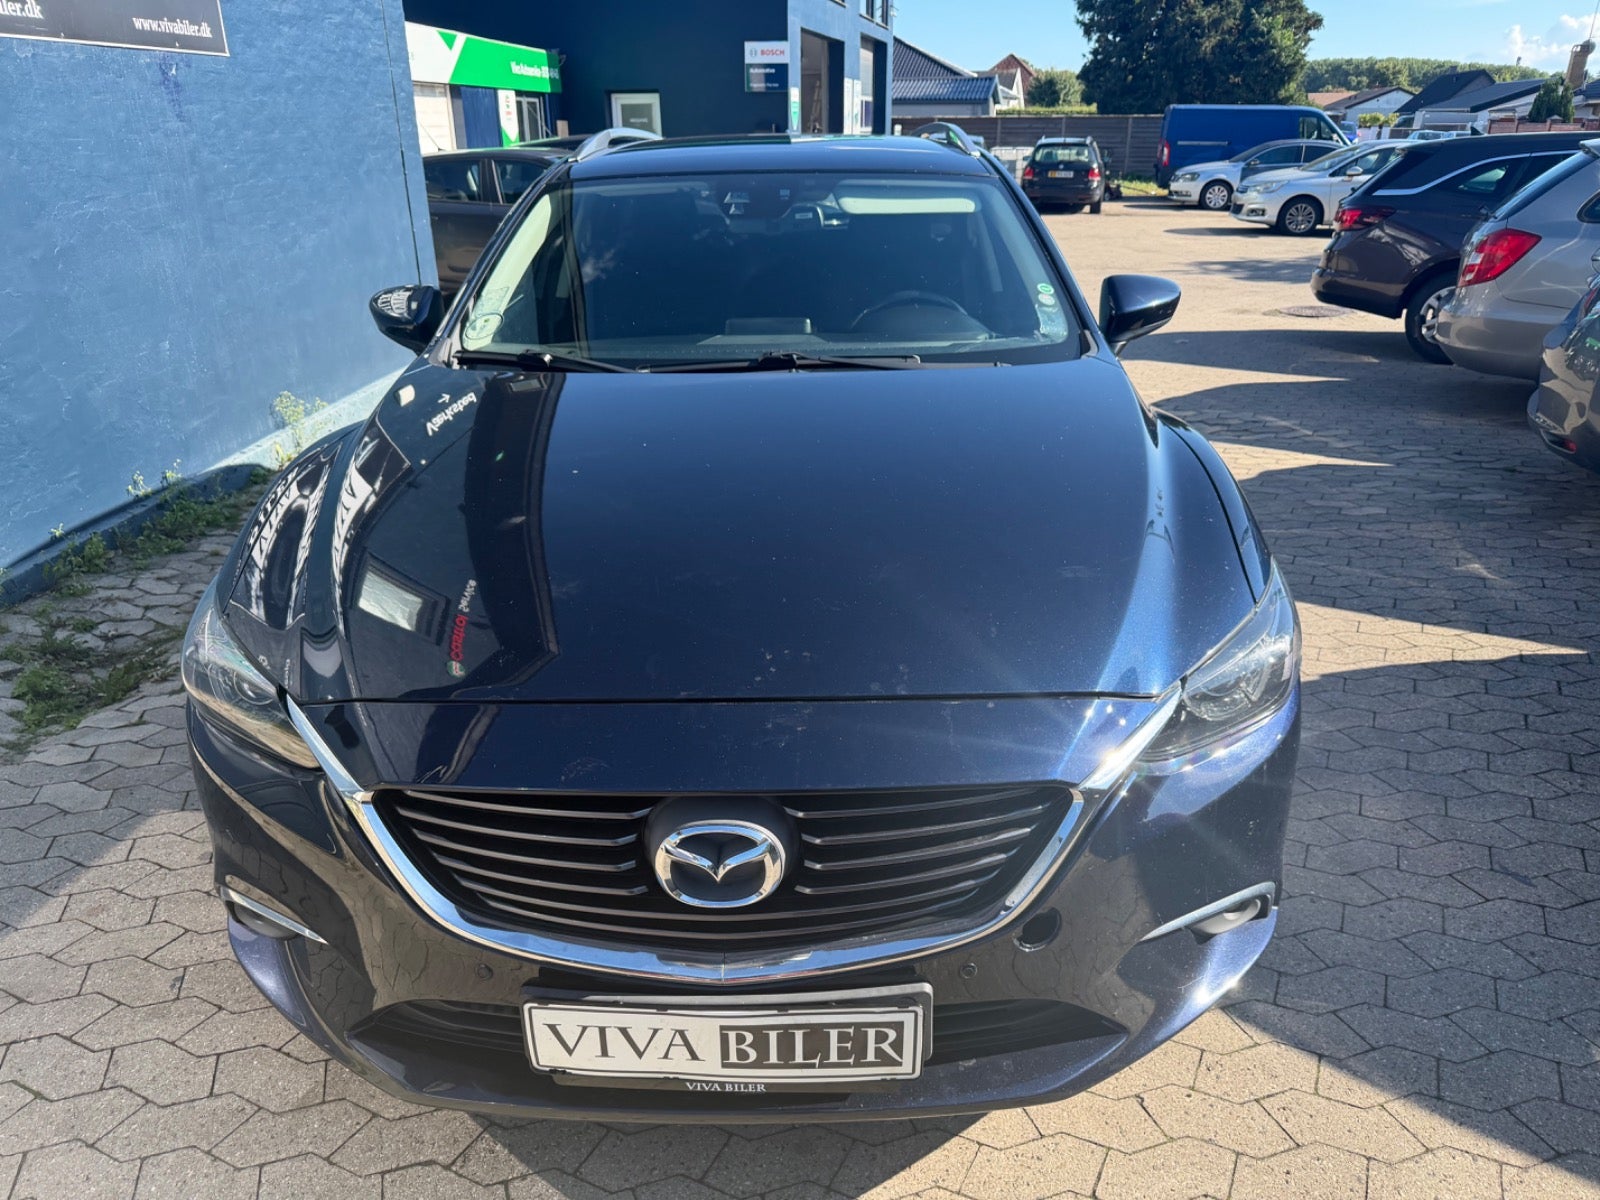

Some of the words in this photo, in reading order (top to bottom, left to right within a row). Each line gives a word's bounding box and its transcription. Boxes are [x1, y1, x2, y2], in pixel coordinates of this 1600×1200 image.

[132, 17, 213, 38] www.vivabiler.dk
[542, 1022, 706, 1062] VIVA
[721, 1026, 904, 1069] BILER
[685, 1081, 721, 1092] VIVA
[724, 1082, 767, 1093] BILER

* WHAT YOU SHOULD DO *
The answer should hold every line of the listing, copied exactly, with no pictures.

* WRITTEN RESPONSE *
Some of the words in this photo, in reading order (top to bottom, left to right within a row). Each line gives a word's bounding box and its transcription. Boxes are [x1, y1, x2, y2], in pixel coordinates of this 1600×1200 image.

[132, 17, 213, 38] www.vivabiler.dk
[542, 1022, 706, 1062] VIVA
[721, 1026, 904, 1069] BILER
[685, 1081, 721, 1092] VIVA
[724, 1082, 767, 1093] BILER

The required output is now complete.